Menurut dia, dalam menjaga pangsa pasar, tentunya Pertamina terus memberikan pelayanan dan terobosan untuk meningkatkan kepuasan dan kesetiaan pelanggan. “Pertamina telah memulai beberapa terobosan baru dari sisi layanan SPBU seperti Pertashop hingga pengembangan digitalisasi SPBU,” kata dia.
Dihubungi terpisah, pengamat ekonomi energi dari Universitas Gadjah Mada Yogyakarta (UGM) Fahmy Radhi menilai, kehadiran swasta membangun SPBU justru menguntungkan masyarakat asalkan menjual BBM nonsubsidi, bukan BBM penugasan.
“Sesungguhnya untuk BBM nonsubsidi tidak ada masalah. Siapapun silakan masuk,” kata dia.
Menurutnya, kehadiran swasta baik itu dari dalam negeri maupun asing menjual BBM nonsubsidi justru akan menguntungkan masyarakat. Harganya ditentukan oleh mekanisme pasar sehingga harganya mampu bersaing secara kompetitif. Apabila terjadi persaingan tidak sehat, sudah ada Komisi Pengawas Persaingan Usaha (KPPU).
“Jadi pada dasarnya yang diuntungkan adalah rakyat karena harganya saling berkompetisi. Harga juga lebih kompetitif karena akan ditentukan oleh pasar sehingga tidak bisa didikte oleh siapa pun,” tandasnya.

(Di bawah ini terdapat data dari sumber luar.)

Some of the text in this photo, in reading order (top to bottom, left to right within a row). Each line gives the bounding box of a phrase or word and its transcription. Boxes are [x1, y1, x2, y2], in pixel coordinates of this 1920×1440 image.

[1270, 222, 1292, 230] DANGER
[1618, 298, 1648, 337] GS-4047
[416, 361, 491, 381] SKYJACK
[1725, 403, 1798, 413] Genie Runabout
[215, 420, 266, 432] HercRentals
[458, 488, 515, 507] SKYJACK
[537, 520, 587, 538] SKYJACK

Meski begitu, seharusnya investor yang masuk berbisnis menjual BBM harusnya turut membangun infrastruktur. “Minimal harus punya fasilitas penyimpanan,” kata dia. Hingga saat ini tercatat ada enam badan usaha pemilik jaringan SPBU. Pertamina paling banyak memiliki SPBU. Hingga akhir 2018 BUMN migas ini memiliki 7.218 SPBU.
Selanjutnya AKR memiliki 142 SPBU; Shell 94 SPBU yang tersebar di Jabodetabek, Bandung, Sumut, dan Jatim; Total S A mempunyai 13 SPBU; PT Aneka Retroindo Raya ada empat SPBU di Jabodetabek; dan Vivo Energy mempunyai dua SPBU.